Two study sites at Mulago were used to screen for study recruitment; the neurology out-patient clinic and mental health outpatient clinic. These clinics serve as a secondary and tertiary referral center for patients with epilepsy in district surrounding the hospital.

In our study the diagnosis of epilepsy was based on history and clinical assessment and using the ILAE definition for epilepsy [15].

Using a pre-tested standardized questionnaire and review of medical records, we assessed demographic characteristics.

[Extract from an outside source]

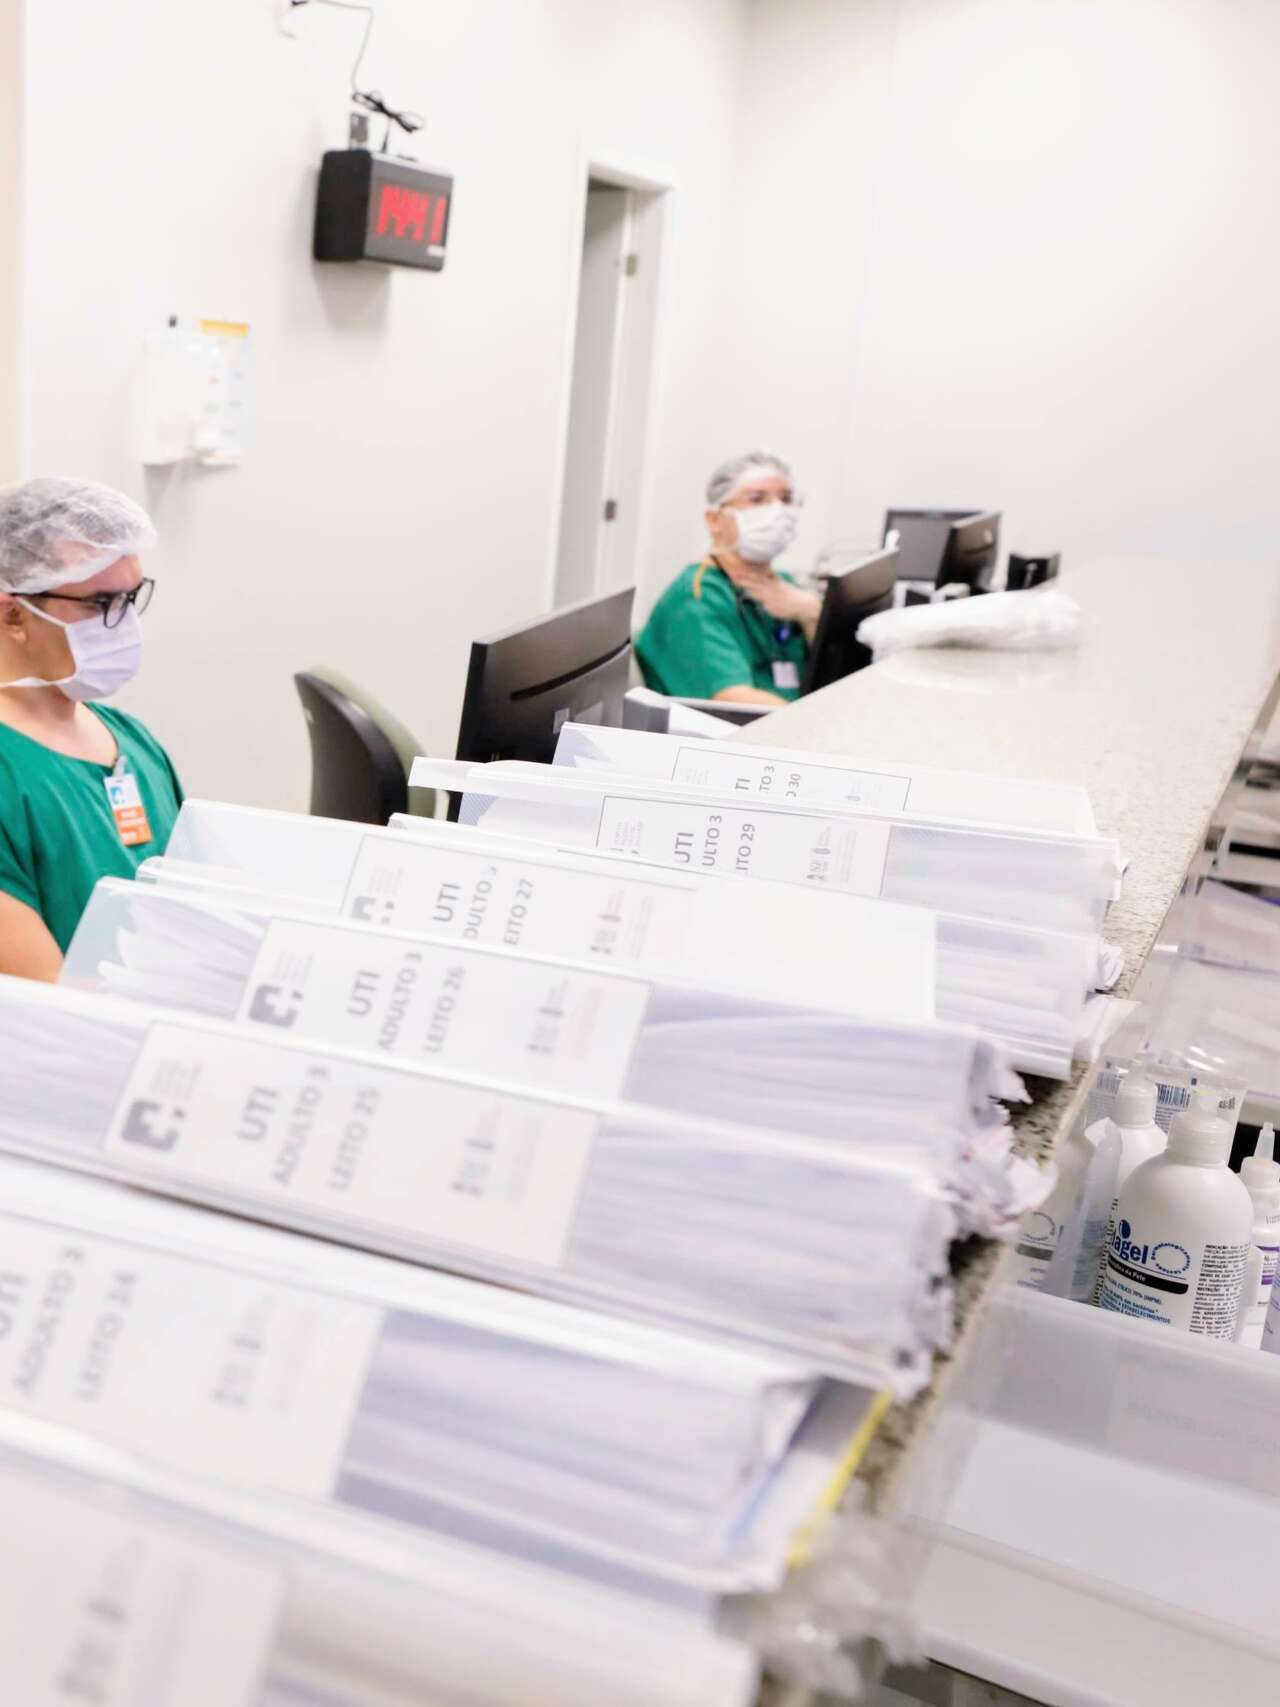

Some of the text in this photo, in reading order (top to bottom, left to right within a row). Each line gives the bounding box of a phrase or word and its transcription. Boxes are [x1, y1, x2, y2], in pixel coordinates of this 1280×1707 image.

Informed consent was sought from individuals who met the inclusion criteria. By interviewing the patient or parent of the subject using a pre-tested questionnaire, information was obtained on demographic characteristics, behavioral factors, medical history and clinical data. Information on potential seizure precipitants, such as lack of adherence to medication, menstruation, fever and alcohol were collected. A detailed clinical examination was performed and those suspected to have breakthrough seizures were sent to the laboratory for attendant investigations such as blood slide examination for malaria parasites, electrolytes etc. Malaria was defined as fever (axillary temperature more or equal to 37.5°C) plus any P. falciparum asexual parasites/μl. Using an operational definition we defined pneumonia when a subject presented with fever, cough, breathlessness, chest pain and auscultatory crepitations in the lung fields. All subjects with breakthrough seizures received anti-epileptic therapy according to the national treatment policy for epilepsy. The study was approved by the Makerere University Faculty of Medicine Research and Ethics Committee, the Mulago hospital review board and the UNCST.

Statistical analysis

Data was analyzed by STATA statistical software (version 9). We estimated the prevalence as the ratio of cases with breakthrough seizures to the population enrolled into this study.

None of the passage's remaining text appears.